The applicable standards of review are well established. See Jian Hui Shao v. Mukasey, 546 F.3d 138, 168-69 (2d Cir. 2008). In his motion to reopen, Yang asserted that conditions for pro-democracy activists had worsened in China, excusing the untimely filing of his motion and demonstrating his prima facie eligibility for asylum based on his membership in the Democracy Party of China (“CDP”) in the United States.
It is undisputed that Yang’s 2017 motion to reopen was untimely filed more than fourteen years after his removal order became final in 2002. See 8 U.S.C. § 1229a(c)(7)(C)(i); 8 C.F.R. § 1003.2(c)(2). However, the time limitation for filing a motion to reopen does not apply if reopening is sought to apply for asylum and the motion “is based on changed country conditions arising in the country of nationality or the country to which removal has been ordered, if such evidence is material and was not available and would not have been discovered or presented at the previous proceeding.” 8 U.S.C. § 1229a(c)(7)(C)(ii); 8 C.F.R. § 1003.2(c)(3). The BIA did not err in finding that Yang failed to demonstrate such conditions.
“In determining whether evidence accompanying a motion to reopen demonstrates a material change in country conditions that would justify reopening, [the BIA] compare[s] the evidence of country conditions submitted with the motion to those that existed at the time of the merits hearing below.” In re S-Y-G-, 24 I. & N. Dec. 247, 253 (B.I.A. 2007). As the BIA found, reports from the U.S. Department of State demonstrate that the Chinese government has repressed pro-democracy activists since before Yang’s 2000 hearing. And the BIA did not err in declining to credit the unsworn letter from Yang’s mother stating that police in China had discovered Yang’s CDP activities in the United States. See Y.C. v. Holder, 741 F.3d 324, 334 (2d Cir. 2013); Qin Wen Zheng v. Gonzales, 500 F.3d 143, 146-49 (2d Cir. 2007) (concluding that agency may choose not to credit documentary evidence submitted by movant found to be not credible in underlying proceedings).

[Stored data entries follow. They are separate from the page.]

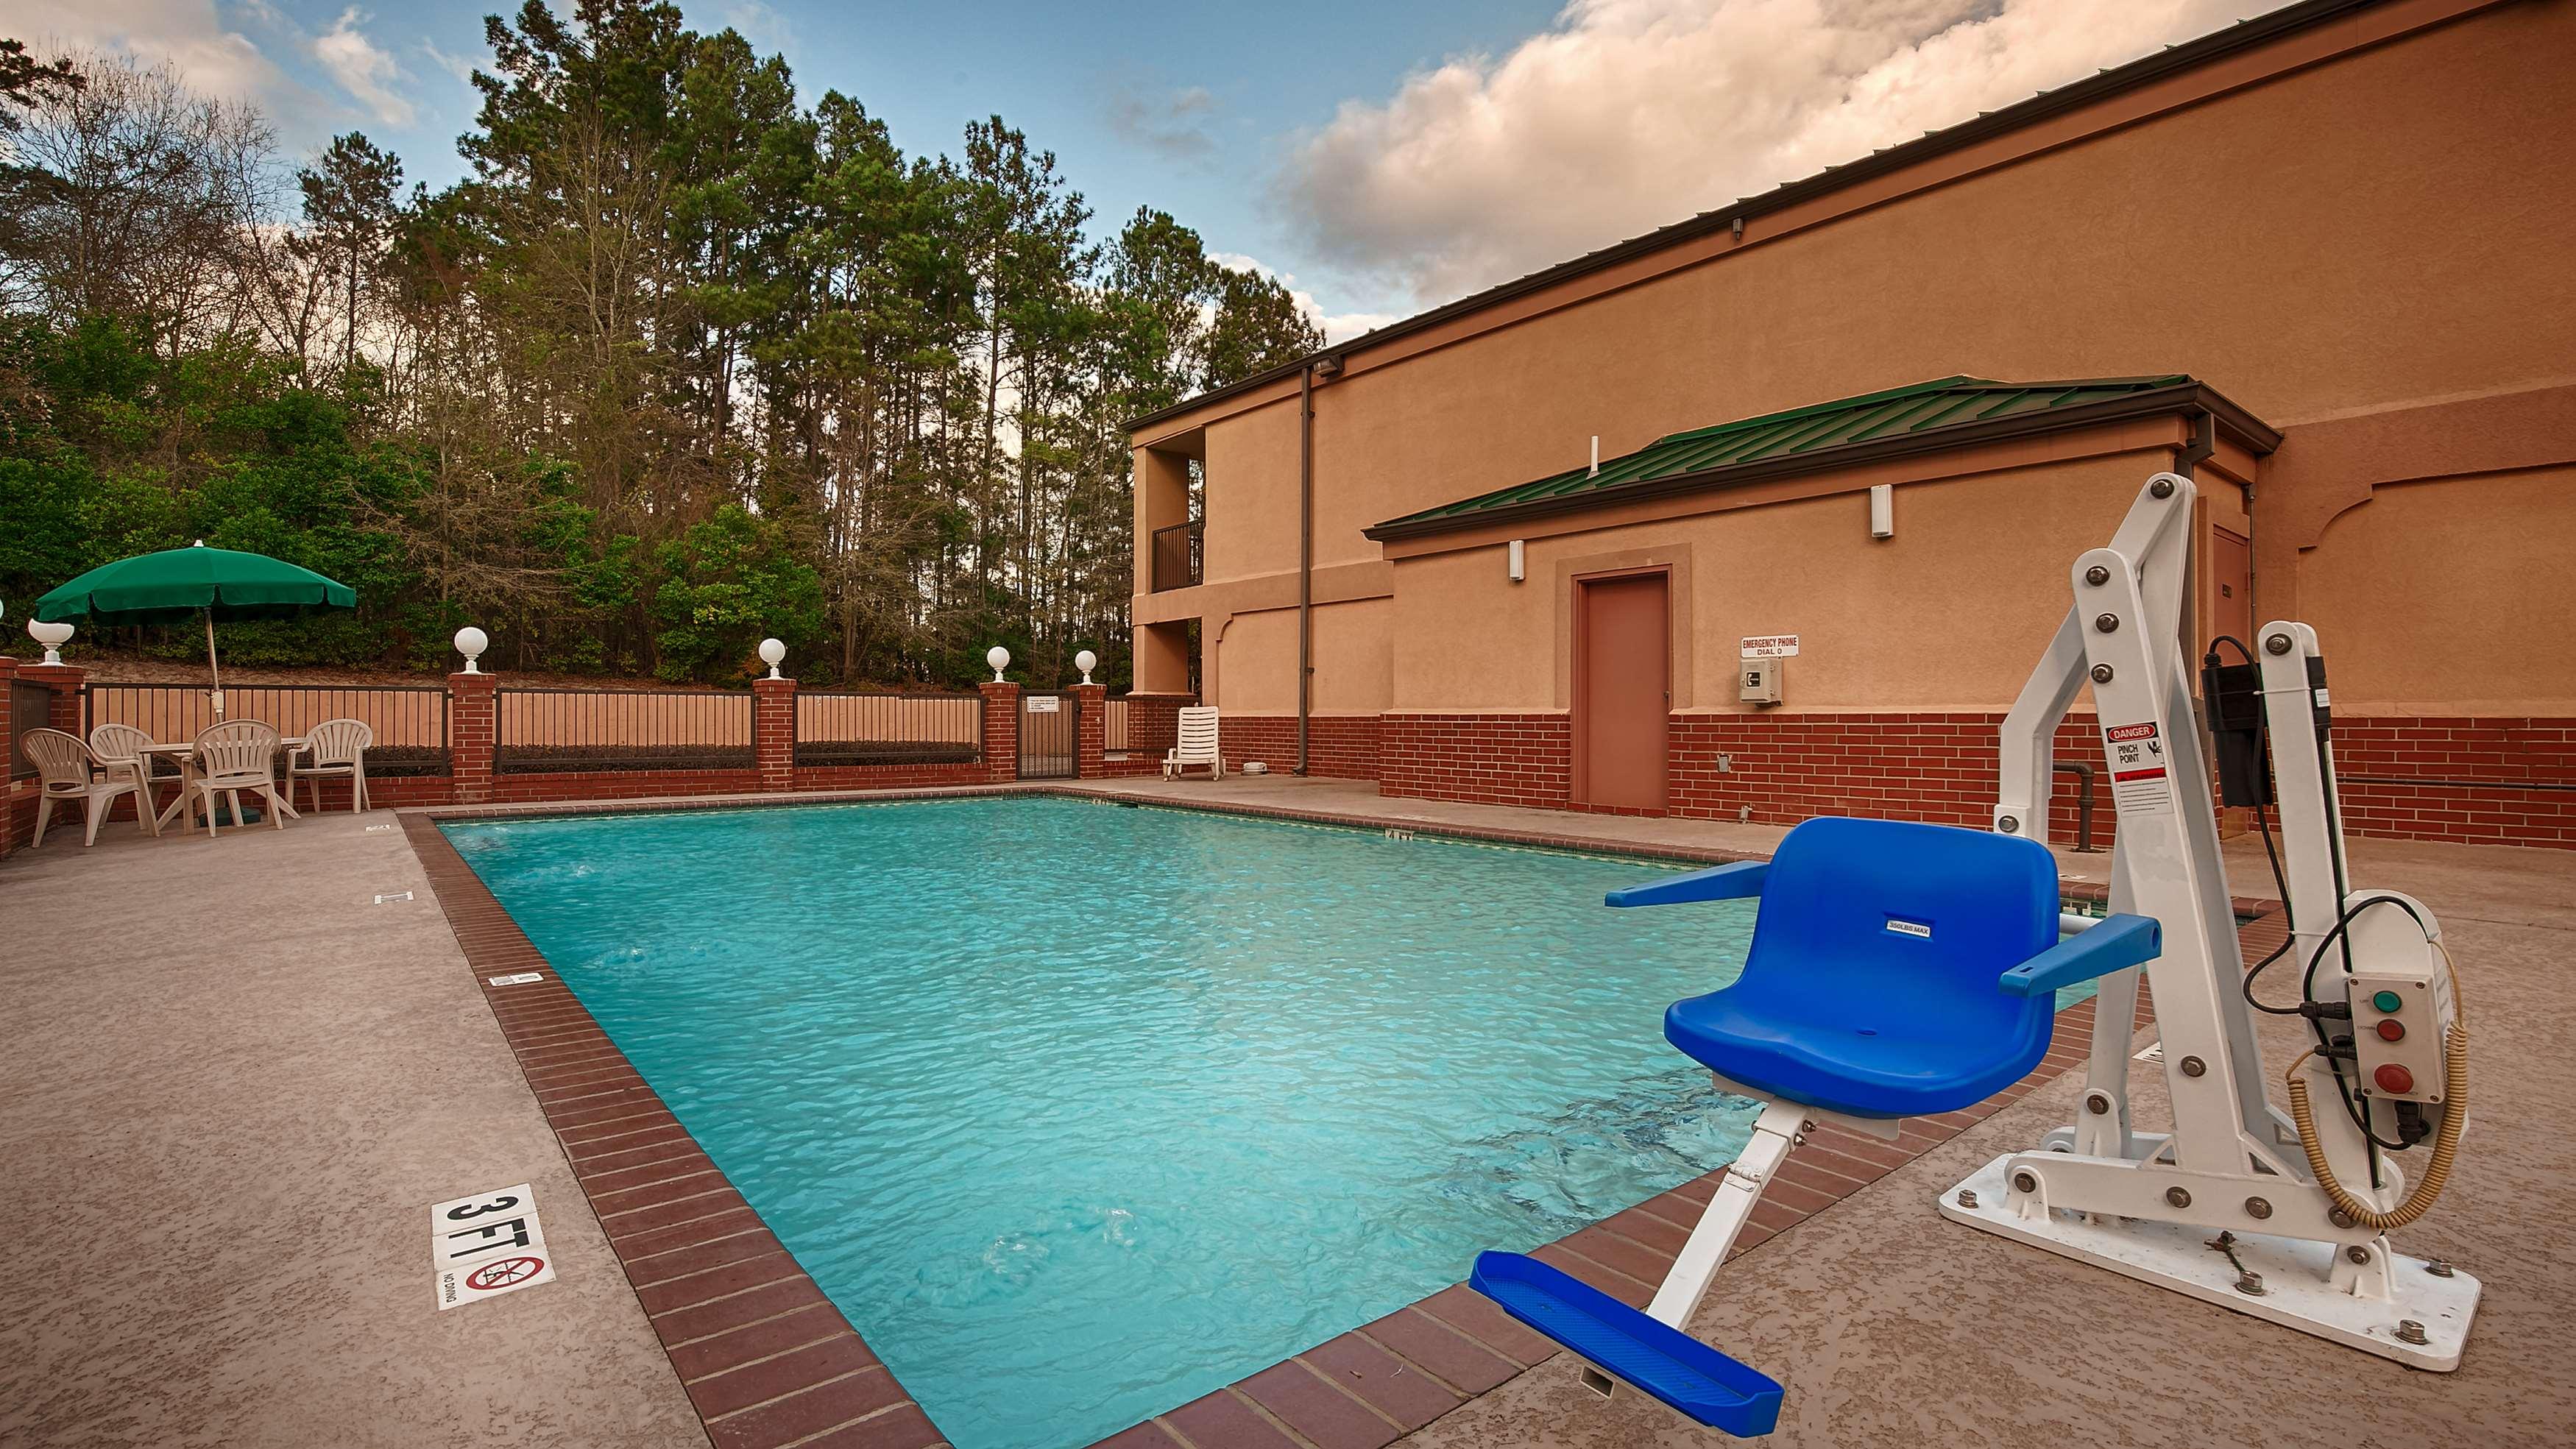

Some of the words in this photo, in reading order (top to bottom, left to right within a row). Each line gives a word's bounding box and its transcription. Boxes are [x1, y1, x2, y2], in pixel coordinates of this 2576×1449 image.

[1743, 638, 1776, 648] EMERGENCY
[1778, 637, 1797, 647] PHONE
[2114, 726, 2150, 739] DANGER
[2117, 744, 2138, 754] PINCH
[2120, 754, 2139, 764] POINT
[1914, 927, 1928, 935] MAX
[447, 1196, 519, 1219] 3
[448, 1218, 530, 1258] FT
[443, 1272, 454, 1283] NO
[445, 1283, 456, 1303] DIVING
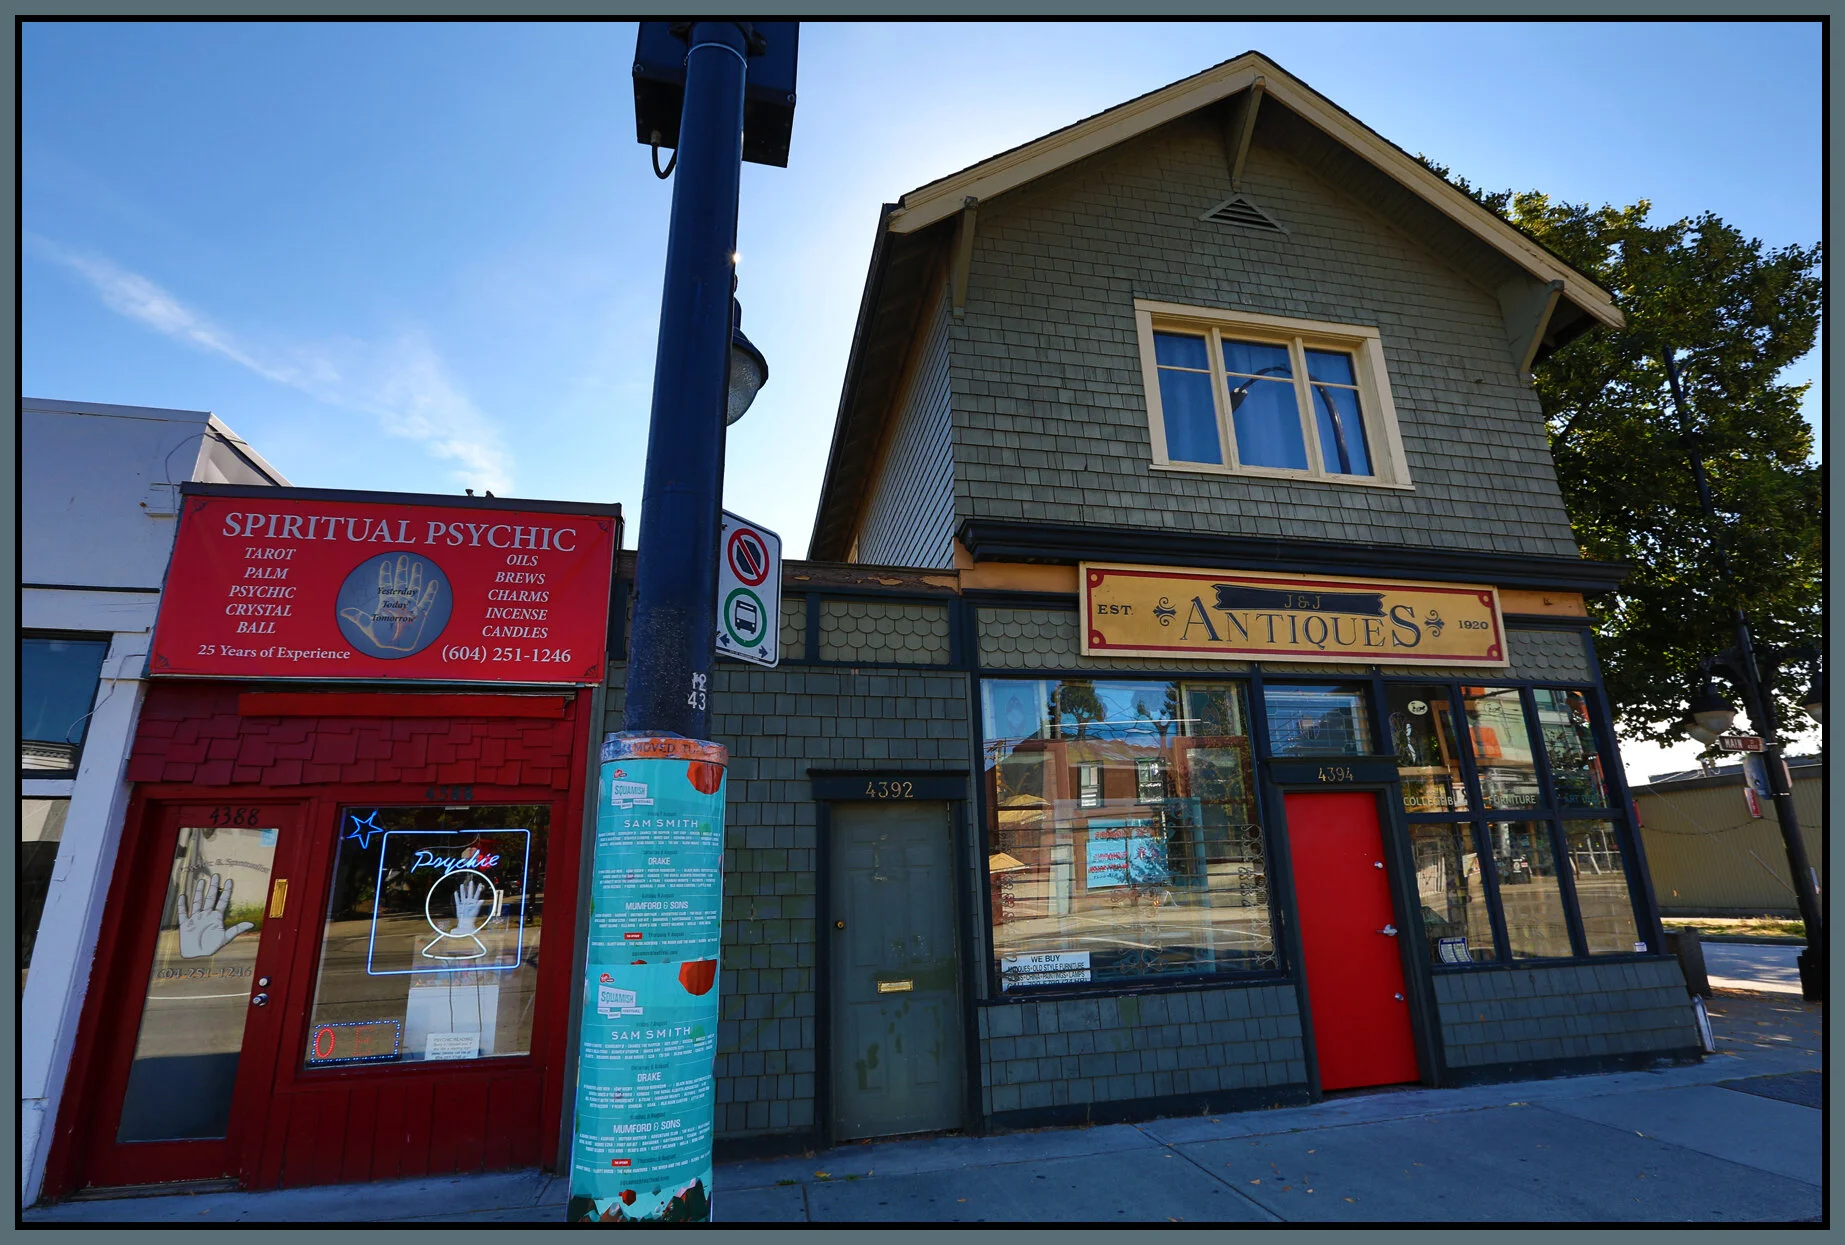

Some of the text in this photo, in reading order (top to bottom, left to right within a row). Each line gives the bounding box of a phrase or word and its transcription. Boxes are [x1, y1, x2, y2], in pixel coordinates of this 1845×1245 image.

[222, 513, 577, 552] SPIRITUAL PSYCHIC
[244, 547, 296, 561] TAROT
[506, 554, 538, 567] OILS
[243, 567, 288, 580] PALM
[495, 572, 546, 585] BREWS
[228, 585, 296, 599] PSYCHIC
[377, 587, 417, 597] Yesterday
[487, 589, 549, 603] CHARMS
[383, 600, 410, 611] Today
[1284, 594, 1321, 610] J&J
[225, 603, 292, 617] CRYSTAL
[485, 607, 547, 621] INCENSE
[1097, 603, 1134, 616] EST.
[371, 613, 417, 623] Tomorrow
[1180, 596, 1422, 650] ANTIQUES
[236, 621, 276, 634] BALL
[1458, 619, 1489, 631] 1920
[482, 625, 548, 639] CANDLES
[198, 644, 351, 662] 25 Years of Experience
[442, 645, 571, 663] (604) 251-1246
[688, 691, 706, 710] 43
[1724, 738, 1744, 749] MAIN
[1318, 767, 1354, 782] 4394
[614, 784, 645, 797] SQUAMISH
[865, 781, 914, 798] 4392
[1488, 794, 1537, 805] FURNITURE
[209, 806, 260, 826] 4388
[624, 819, 698, 828] SAM SMITH
[648, 857, 671, 866] DRAKE
[625, 901, 689, 911] MUMFORD & SONS
[1044, 963, 1058, 971] STYLE
[1059, 962, 1084, 970] FURNITURE
[1042, 972, 1067, 980] PAINTINGS
[1068, 970, 1085, 978] LAMPS
[600, 991, 634, 1003] SQUAMISH
[611, 1026, 691, 1041] SAM SMITH
[637, 1072, 661, 1083] DRAKE
[613, 1119, 681, 1134] MUMFORD & SONS
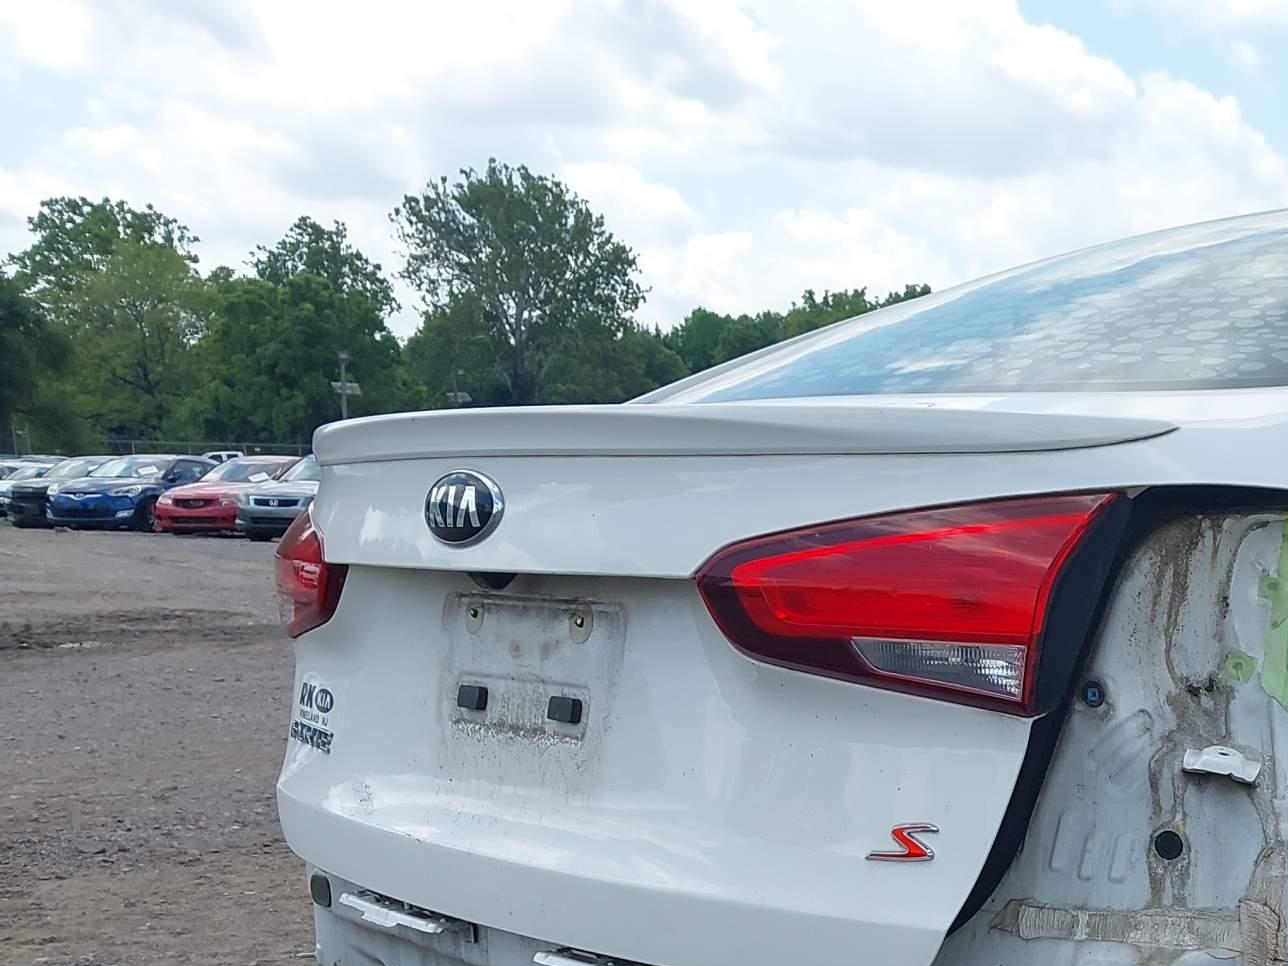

Accordingly, because the BIA reasonably concluded that Yang failed to demonstrate a material change in conditions in China, it did not abuse its discretion in denying Yang’s motion as untimely. See 8 U.S.C. § 1229a(c)(7)(C). Because the denial as untimely is dispositive, we do not reach the BIA’s alternative basis for denying Yang’s motion—his failure to establish his prima facie eligibility for relief. See INS v. Bagamasbad, 429 U.S. 24, 25, 97 S.Ct. 200, 50 L.Ed.2d 190 (1976) (“As a general rule courts and agencies are not required to make findings on issues the decision of which is unnecessary to the results they reach.”).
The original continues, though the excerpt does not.